The legendary Dimitri Tiomkin joins the FSM Classics series with 36 Hours, a 1964 M-G-M war thriller starring James Garner as Jefferson Pike, an American army officer kidnapped by the enemy. Led by Rod Taylor, the Germans set up an elaborate ruse to convince Pike that the war has been over for six years and he is suffering from amnesia—all in an attempt to coax from him vital information. Eva Marie Saint co-stars as Anna Hebner, a concentration camp refugee forced to act as Pike's nurse who becomes his love interest.

Coming off of The Guns of Navarone, Tiomkin provided a taut, piano-dominated score with an accent on stealth—flamboyant where necessary, but blending with the naturalistic style of filmmakers George Seaton and William Perlberg. The muscular main title is a highlight, with an up-and-down theme for pizzicato strings alternating with full orchestra, always embellished by piano. Inside the military hospital, Tiomkin's muted, atmospheric cues capture Pike's disoriented state of mind; outside, the rambunctious scoring adds a sense of scope to the film's black-and-white cinematography, as the brainwashing plot gives way to an escape-and-pursuit adventure. Throughout is a memorable, rhapsodic love theme, "A Heart Must Learn to Cry."

36 Hours was originally issued by Vee-Jay Records on LP at the time of the film's theatrical release. The LP was reissued in the late 1970s by Varèse Sarabande. FSM's complete-score premiere on CD is remixed and remastered in stereo from the original three-track masters, doubling the playing time of the LP and adding bonus tracks of the song's vocal version and piano acetate demos, as well as a jazz trio improvisation of the main title. As always, the illustrated booklet provides background on the film, composer and score, and detailed information on the placement of unused cues.

Dimitri Tiomkin Scores on FSM
About the Composer

Russian composer Dimitri Tiomkin (1894-1979) was larger-than-life both for his showman-like personality and mammoth symphonic scores for epics like Land of the Pharaohs, Giant and The Fall of the Roman Empire. But his sense of theatricality also told him when to go "small" as well as "large," as in the ballad "Do Not Forsake Me, Oh My Darling" from High Noon. He wrote everything from the western staple "Rawhide" to the hysterical theremin horror score for The Thing From Another World. He had a knack for melody, for knowing his audience and wearing his heart on his sleeve. IMDB

Comments (14):Log in or register to post your own comments
22 years later and here's the first comment. "This is great."

I took a chance on this possibly old-hat score. I say a "chance", a gamble, because on my terribly limited exposure to old Dimi, I often felt that he was too "in yer face". But this title promised, being from a decade I generally like and having a subject matter which would suggest sobriety.

I'm so glad I crumbled and went for this, 22 years down the line.

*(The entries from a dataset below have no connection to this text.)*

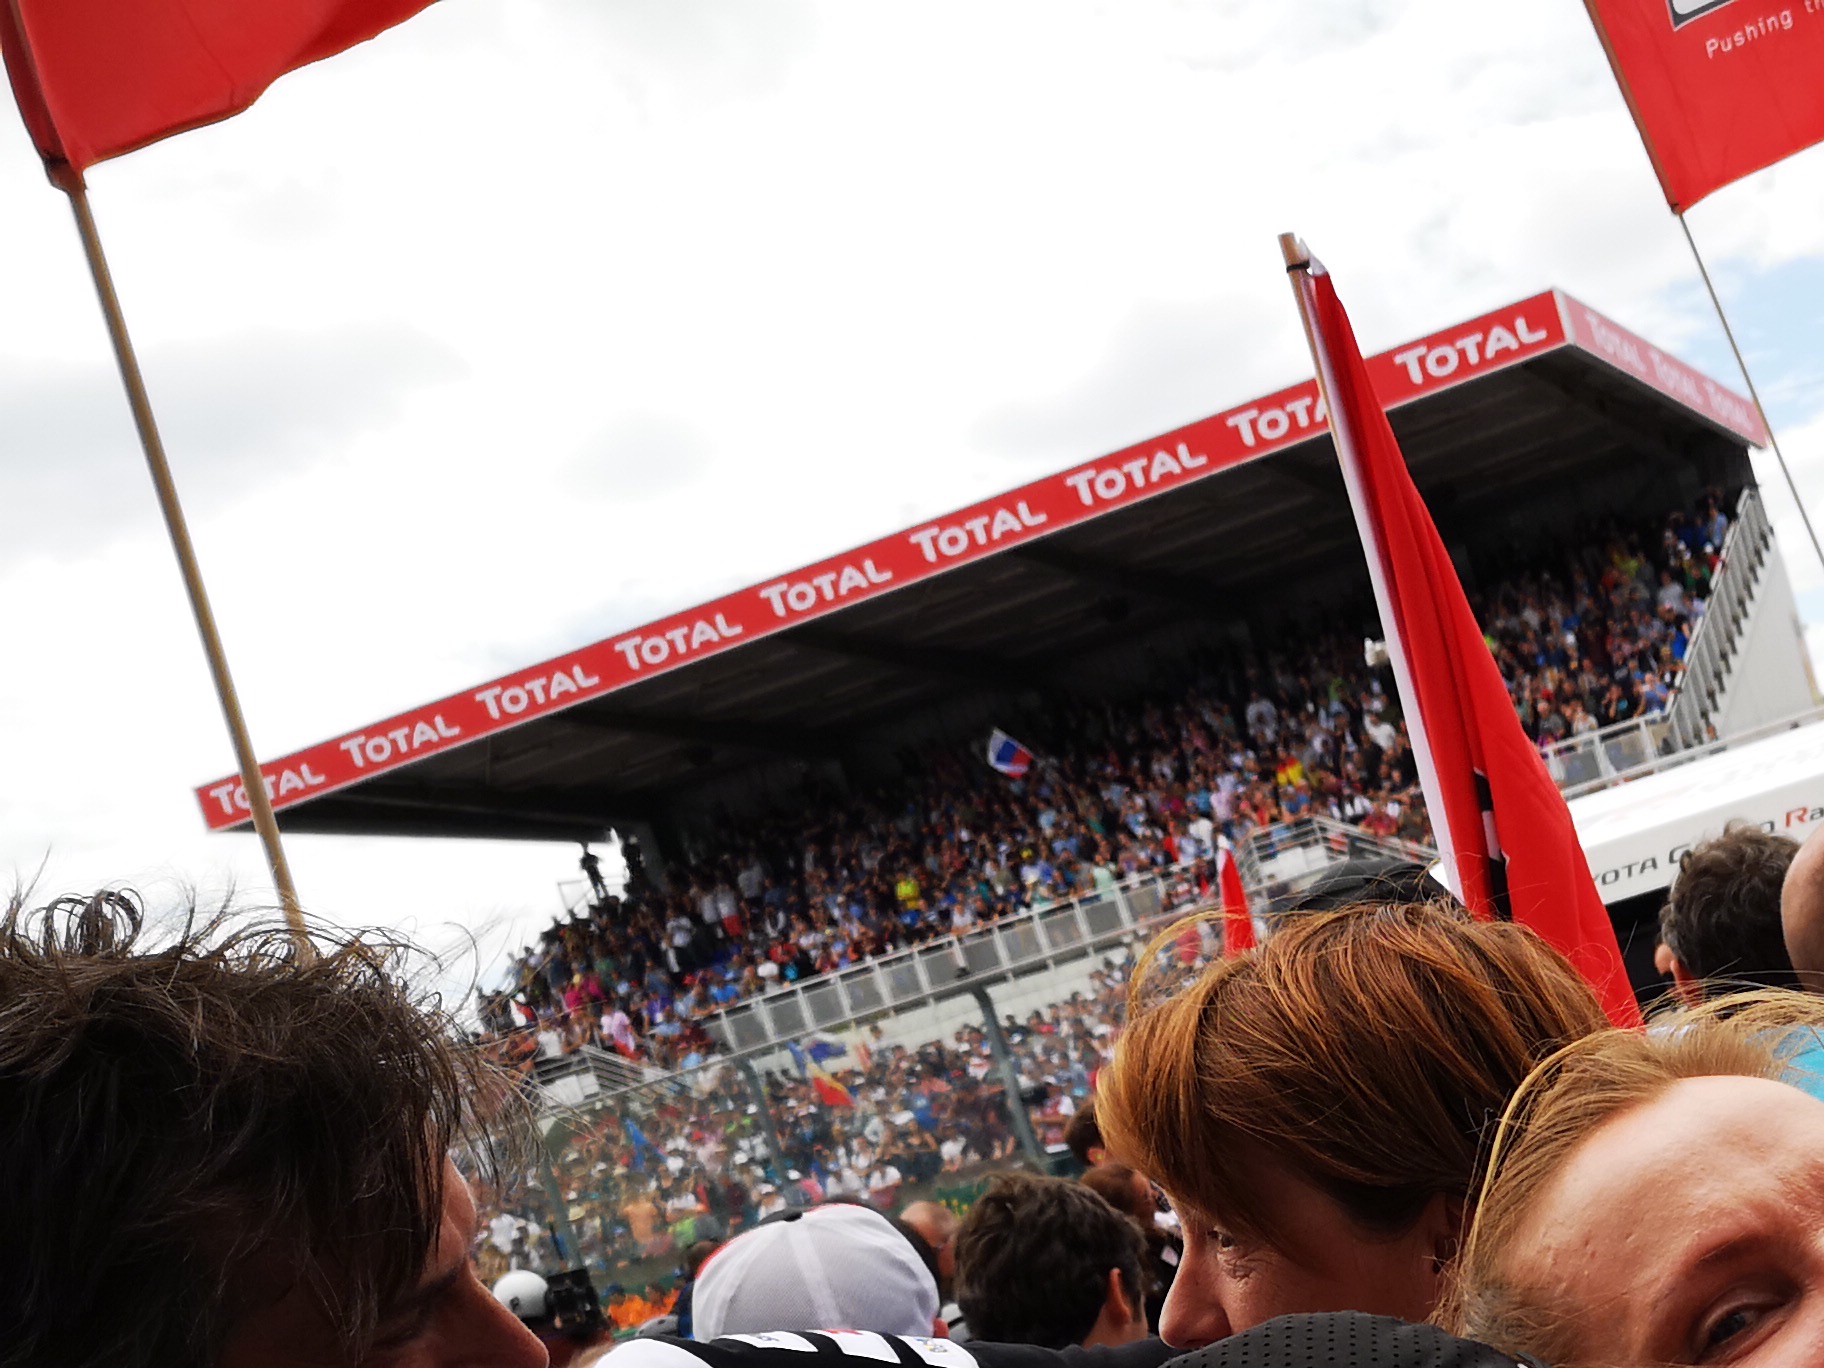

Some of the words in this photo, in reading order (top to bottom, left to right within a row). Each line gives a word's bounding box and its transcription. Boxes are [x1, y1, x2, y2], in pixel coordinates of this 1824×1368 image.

[1705, 8, 1795, 60] Pushing
[339, 714, 461, 768] TOTAL
[475, 664, 600, 720] TOTAL
[614, 612, 744, 671] TOTAL
[759, 558, 893, 618] TOTAL
[909, 500, 1048, 563] TOTAL
[1065, 442, 1208, 506] TOTAL
[1226, 396, 1330, 448] TOT
[1393, 316, 1548, 386] TOTAL

It's my first Tiomkin. Love the piano throughout and the way it rumbles and darts in peaks and troughs. I was worried that the song, in its instrumental variations as underscore, would be too schmalzy for me, but I like it. It's got a touch of Les Baxter exotica in the way it modulates. One of the bonus tracks - the jazz trio version of the main theme - is exceptional, and almost "worth the price of admission alone", as the kids didn't use to say.

36 HOURS. I love it. And I'm looking forward to spending the rest of my life picking up soundtracks from the time before most of us were born.

It is a fine score. The Main Title is wonderful, one of his best.

I prefer the 'shorter' James Horner score.

I was mesmerized by the Main Title and the film which I watched decades ago on TCM. So it was only a few months ago that I picked this off from SAE at their annual FSM sales.Ive yet to pry open the set but this thread is a good reminder.

I've heard very positive and exciting feedback from most folks and besides I'm really digging into Tiomkin's work these days. He is the new Golden Age idol for me now as well as Hugo Friedhofer. Herrmann, Rozsa and Korngold are all already done.

My favourite cue is "Lisbon Cha-Cha", especially the way its bright mood evolves into something sinister. In a quite subtle way, too, for Dimitri.

My favourite cue is "Lisbon Cha-Cha", especially the way its bright mood evolves into something sinister. In a quite subtle way, too, for Dimitri.[/endquote]
I'm very much in agreement. While I love Tiomkin's over-the-top action cues, I also find his much more subtle -- what I'd almost call nuanced-mood cues -- to be supremely effective film scoring.

Graham, I'm with you in your previous feelings about Tiomkin, and in finding this score to be a pleasant exception which I enjoy quite a lot. Probably Top 3 Tiomkin for me, along with The Old Man and the Sea and The Alamo (the one over the top bombastic Tiomkin I really enjoy for whatever reason).

Yavar

22 years later and here's the first comment. "This is great."

I took a chance on this possibly old-hat score. I say a "chance", a gamble, because on my terribly limited exposure to old Dimi, I often felt that he was too "in yer face". But this title promised, being from a decade I generally like and having a subject matter which would suggest sobriety.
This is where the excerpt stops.